You have recently moved to a different house. Now you would like to notify one of your English-speaking friends that you have moved to a different house. Write a letter to this English-speaking friend. In your letter: - explain why you have moved - describe the new house - invite your friend to come and visit Dear...............,
Sample Response
Dear Simmons, Hope you're doing great. I'm still relishing the pleasant memories we had together during our last trip - it was wonderful. I'm writing to let you know that we've moved into a house in Bath, a town set in the rolling countryside of southwest England. I hope you would visit us soon. As you know, my previous apartment was far away from my office and it was inconvenient both for me and Anna to commute a long distance daily. However, we could not shift our house considering Julie's school location. This summer I transferred her to Kingswood School in Bath and moved here soon after. Now the daily commute is no longer a cause of concern for us. We moved into this house at the beginning of February and we really like it. A small garden at the front makes it even more beautiful. We now have enough space to park 3 cars! It has five rooms, a lawn and two large balconies. The best part is that the area is quiet and surrounded by astonishing natural beauty. After living in a flat in a busy area for nearly 8 years, a spacious house seems like a dream come true. I hope you would visit us soon as I'm really looking forward to having you and Linda with us for a few days. It will be fun. Hope to meet you soon. Warm wishes, Mitchell
IELTS Writing Correction
- 1. Fix paired structure Original: both for me and Anna Suggested revision: for both Anna and me Why it matters: Both should directly introduce the two coordinated people.
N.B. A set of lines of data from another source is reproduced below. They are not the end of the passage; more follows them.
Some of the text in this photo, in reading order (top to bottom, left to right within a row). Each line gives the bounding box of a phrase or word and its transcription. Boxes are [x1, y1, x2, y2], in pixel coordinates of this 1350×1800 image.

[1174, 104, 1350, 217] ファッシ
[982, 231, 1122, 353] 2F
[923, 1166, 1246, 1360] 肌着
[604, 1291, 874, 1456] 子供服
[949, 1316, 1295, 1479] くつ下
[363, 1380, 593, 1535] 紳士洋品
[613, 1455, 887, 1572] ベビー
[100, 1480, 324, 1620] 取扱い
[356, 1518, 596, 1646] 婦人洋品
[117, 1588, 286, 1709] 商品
- 2. Correct move collocation Original: shift our house Suggested revision: move house Why it matters: Move house is the standard expression for changing residence.
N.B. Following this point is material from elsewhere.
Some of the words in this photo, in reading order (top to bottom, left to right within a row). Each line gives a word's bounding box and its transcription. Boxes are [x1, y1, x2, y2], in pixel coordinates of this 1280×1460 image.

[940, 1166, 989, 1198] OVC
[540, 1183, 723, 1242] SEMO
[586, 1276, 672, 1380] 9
- 3. Use natural phrasing Original: still relishing the pleasant memories Suggested revision: still cherishing the memories Why it matters: This is a more natural collocation for fond memories.
- 4. Join clauses correctly Original: last trip - it Suggested revision: last trip—it Why it matters: An em dash should not have spaces in this construction.
- 5. Simplify the description Original: a town set in the rolling countryside of southwest England Suggested revision: a town in the rolling countryside of south-west England Why it matters: The shorter phrasing conveys the location more naturally.
- 6. Keep possession consistent Original: my previous apartment Suggested revision: our previous apartment Why it matters: The apartment belonged to the family discussed in the sentence.
- 7. Use natural collocation Original: commute a long distance daily Suggested revision: make a long commute every day Why it matters: This collocation is more idiomatic in this context.
- 8. Clarify the reason Original: considering Julie's school location Suggested revision: because of Julie's school location Why it matters: The causal link is clearer with because of.
- 9. Organise the letter Suggested revision: Divide the letter into an opening, the reason for moving, the house description, and the invitation. Why it matters: Separate functional paragraphs would make the letter easier to follow.
- 10. Consolidate the invitation Suggested revision: Combine the repeated invitations into one clear closing invitation to Simmons and Linda. Why it matters: One focused invitation would fulfil the final bullet without repetition.
Suggested Rewrites
- both for me and Anna for both Anna and me
- shift our house move house
- still relishing the pleasant memories still cherishing the memories
- last trip - it last trip—it
- a town set in the rolling countryside of southwest England a town in the rolling countryside of south-west England
- my previous apartment our previous apartment
Why this response received Band 8.0
The letter fully covers the reason for moving, describes the new home with vivid relevant detail, and extends a warm, appropriately informal invitation. Its message flows naturally and displays a broad vocabulary and varied sentence structures, although a few collocations and modal choices sound slightly unnatural. The priority is to refine phrases such as shift our house and use more idiomatic invitation wording throughout.
IELTS Writing Criteria Scores
Detailed feedback by IELTS writing criterion after the annotated essay.
Task Achievement
The communicative purpose is fully achieved through clear, well-developed coverage of all three bullet points in a suitably friendly tone.
Refine the timing details so the references to February and this summer form an entirely unambiguous sequence.
Coherence and Cohesion
The information progresses naturally from the move and its reasons to the house description and invitation, with effective linking throughout.
Use distinct paragraphs for the reason, description, and invitation to make the structure even easier to scan.
Lexical Resource
A broad and often precise vocabulary creates an engaging description, with only occasional awkward collocations.
Replace non-idiomatic combinations such as shift our house with natural alternatives such as move house.
Grammatical Range and Accuracy
A wide range of complex structures is handled accurately, and the few lapses do not impede communication.
Use modal forms more idiomatically in invitations, for example I hope you can visit rather than I hope you would visit.